» **Brief**
Copy, exactly and without additions, every line in the records below from the one holding "Some of the text" through the one holding "this 2048×795 image.", both ends included.

Stored data entries
* * *

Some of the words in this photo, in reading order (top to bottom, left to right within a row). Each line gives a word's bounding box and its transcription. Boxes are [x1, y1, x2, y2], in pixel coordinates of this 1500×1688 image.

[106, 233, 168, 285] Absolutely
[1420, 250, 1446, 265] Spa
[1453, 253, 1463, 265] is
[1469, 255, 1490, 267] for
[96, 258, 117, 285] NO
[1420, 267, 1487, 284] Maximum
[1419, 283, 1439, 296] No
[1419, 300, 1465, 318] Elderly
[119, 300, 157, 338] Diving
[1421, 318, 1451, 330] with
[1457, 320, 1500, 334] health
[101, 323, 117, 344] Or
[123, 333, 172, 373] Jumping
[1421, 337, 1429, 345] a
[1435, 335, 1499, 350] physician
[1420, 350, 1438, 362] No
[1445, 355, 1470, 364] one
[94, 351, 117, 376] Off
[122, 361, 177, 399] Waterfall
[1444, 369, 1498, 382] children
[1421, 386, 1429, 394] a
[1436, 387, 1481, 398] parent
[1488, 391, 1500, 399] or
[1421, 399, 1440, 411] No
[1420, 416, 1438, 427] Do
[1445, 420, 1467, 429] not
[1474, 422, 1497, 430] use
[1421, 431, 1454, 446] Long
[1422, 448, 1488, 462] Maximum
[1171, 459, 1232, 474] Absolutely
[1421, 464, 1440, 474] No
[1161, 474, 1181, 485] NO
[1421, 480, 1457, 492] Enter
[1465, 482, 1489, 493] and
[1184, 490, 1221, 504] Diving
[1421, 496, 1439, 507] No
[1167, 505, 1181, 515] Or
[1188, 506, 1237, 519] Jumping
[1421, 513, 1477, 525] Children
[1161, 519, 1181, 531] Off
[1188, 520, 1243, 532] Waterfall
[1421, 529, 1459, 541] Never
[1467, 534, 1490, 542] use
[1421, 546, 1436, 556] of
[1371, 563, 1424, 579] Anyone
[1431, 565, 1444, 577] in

* * *

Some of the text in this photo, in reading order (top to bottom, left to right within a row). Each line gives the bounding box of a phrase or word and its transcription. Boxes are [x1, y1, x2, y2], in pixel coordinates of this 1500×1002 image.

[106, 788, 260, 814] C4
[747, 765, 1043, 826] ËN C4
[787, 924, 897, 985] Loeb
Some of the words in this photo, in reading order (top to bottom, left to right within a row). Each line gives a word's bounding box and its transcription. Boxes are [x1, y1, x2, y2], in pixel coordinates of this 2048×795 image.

* * *

» **Response for this exercise**
Some of the text in this photo, in reading order (top to bottom, left to right within a row). Each line gives the bounding box of a phrase or word and its transcription. Boxes are [x1, y1, x2, y2], in pixel coordinates of this 1500×1002 image.

[106, 788, 260, 814] C4
[747, 765, 1043, 826] ËN C4
[787, 924, 897, 985] Loeb
Some of the words in this photo, in reading order (top to bottom, left to right within a row). Each line gives a word's bounding box and its transcription. Boxes are [x1, y1, x2, y2], in pixel coordinates of this 2048×795 image.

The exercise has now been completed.